L’auteur de l’Apocalypse, un nommé Jean exilé un temps dans l’île de Patmos à la suite d’une persécution anti-chrétienne (Ap. 1,9), mais peut-être le même auteur que l’Evangile de Jean, va développer ce rôle central de Marie : une figure féminine mythique y est présentée comme mère de l’Eglise naissante et couronnée comme telle avec douze étoiles symbolisant les premières Eglises locales.


Bien entendu tous ces auteurs n’engagent qu’eux-mêmes dans leurs textes respectifs, mais ils se font l’écho de traditions naissantes autour de Jésus, de la ferveur christique au sein des premières communautés, et d’une christologie en pleine élaboration qui fera de Jésus, dès le début du IIème siècle (voir les épîtres d’Ignace, évêque d’Antioche - né vers 35, d'origine syrienne, mort en martyr probablement en 107 ou 113, lien), un dieu à part entière (à ne pas confondre avec le dogme trinitaire qui sera officialisé beaucoup plus tard, en 325, lors du concile de Nicée).

 

Ajouts du 15 août 2014 : messages du même jour dans le groupe "Unitariens francophones" sur Facebook

Jean-Claude Barbier - ce culte est entièrement construit car, historiquement, on ne connaît vraiment pas grand chose de Marie. Pire, nos évangiles synoptiques nous la montre en total désaccord par rapport au ministère public de Jésus ! (lien). Dans ce culte, nonobstant les contorsions théologiques visant à affirmer envers et contre tout un monothéisme de façade, Marie fonctionne comme une vraie déité ! Rien à voir avec la personne de Jésus, lui aussi déifié et mythologisé à souhait, mais dont on dispose néanmoins des informations d'ordre historique suffisantes pour qu'on puisse reconstituer (tant bien que mal) une partie de sa vie publique.

Roger Gau - Le premier auteur à faire état de l'ascension corporelle de Marie fut saint Grégoire en 594. Saint Serge Ier (pape de 687 à 701) instaure la fête de l’Assomption.
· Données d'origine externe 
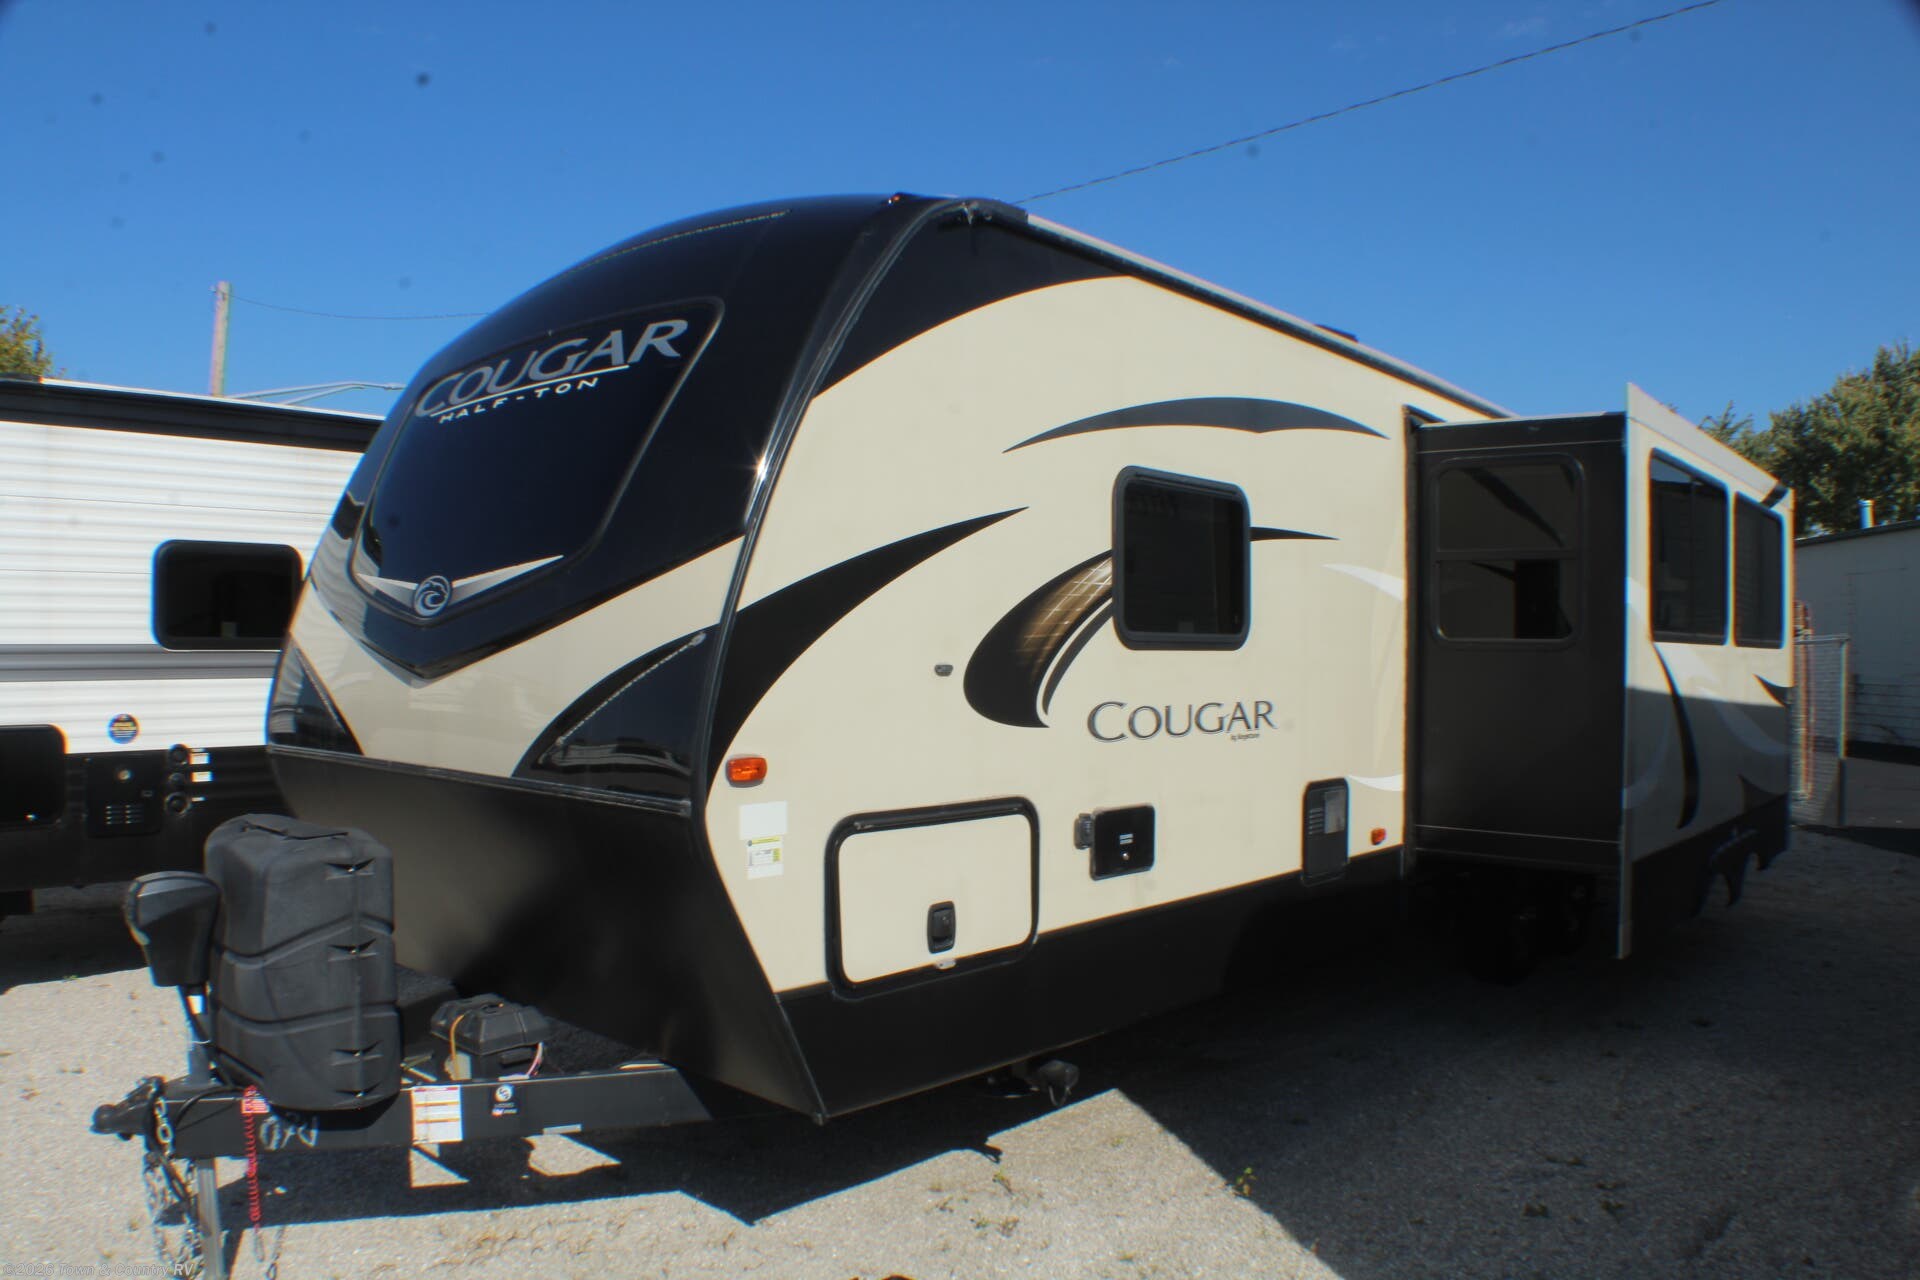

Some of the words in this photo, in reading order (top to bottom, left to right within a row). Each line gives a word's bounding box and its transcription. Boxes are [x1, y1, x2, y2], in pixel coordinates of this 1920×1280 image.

[415, 319, 688, 417] COUGAR
[438, 377, 599, 424] HALF-TON
[1087, 701, 1278, 742] COUGAR
Il faudra attendre le premier novembre 1950 pour que le pape Pie XII proclame le dogme de l’assomption de Marie par la bulle Munificentissimus Deus.
Rappel : quant au
dogme de l’Immaculée conception, c’est seulement le 8 décembre 1854 que le pape Pie IX le proclame.
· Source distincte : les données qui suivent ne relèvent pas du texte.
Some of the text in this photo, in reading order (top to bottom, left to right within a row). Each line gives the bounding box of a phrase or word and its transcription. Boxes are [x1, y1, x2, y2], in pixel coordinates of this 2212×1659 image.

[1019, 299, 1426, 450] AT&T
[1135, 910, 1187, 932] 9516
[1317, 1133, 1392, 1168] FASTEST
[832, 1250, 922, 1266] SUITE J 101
Nadau Brocq - Je crois qu'en dehors des unitariens, les chrétiens sont en fait polythéistes tout simplement. Ils ont besoin de la Trinité, de Marie, des saints qui ne sont guère différents des dieux païens ...

Jean-Claude Barbier - C'est du grand délire métaphysique, sans limite ... Il reste toutefois la co-rédemption que (selon certains) Marie partagerait avec son fils ! Pour l'instant, aucune voix hiérarchique ne va jusque là.

Roger Gau - Je rappelle à ce sujet que le 31 janvier 1985, en Équateur, le pape Jean-Paul II a affirmé : « Le rôle de Marie corédemptrice n’a cessé avec la glorification de son fils. » Quelques mois plus tard, lors de l’angélus du dimanche des Rameaux, place Saint-Pierre il disait : « Puisse Marie, la corédemptrice à qui nous offrons nos prières, faire correspondre généreusement notre désir au désir du Rédempteur. » Toutefois, depuis, aucun pape n'a été plus loin.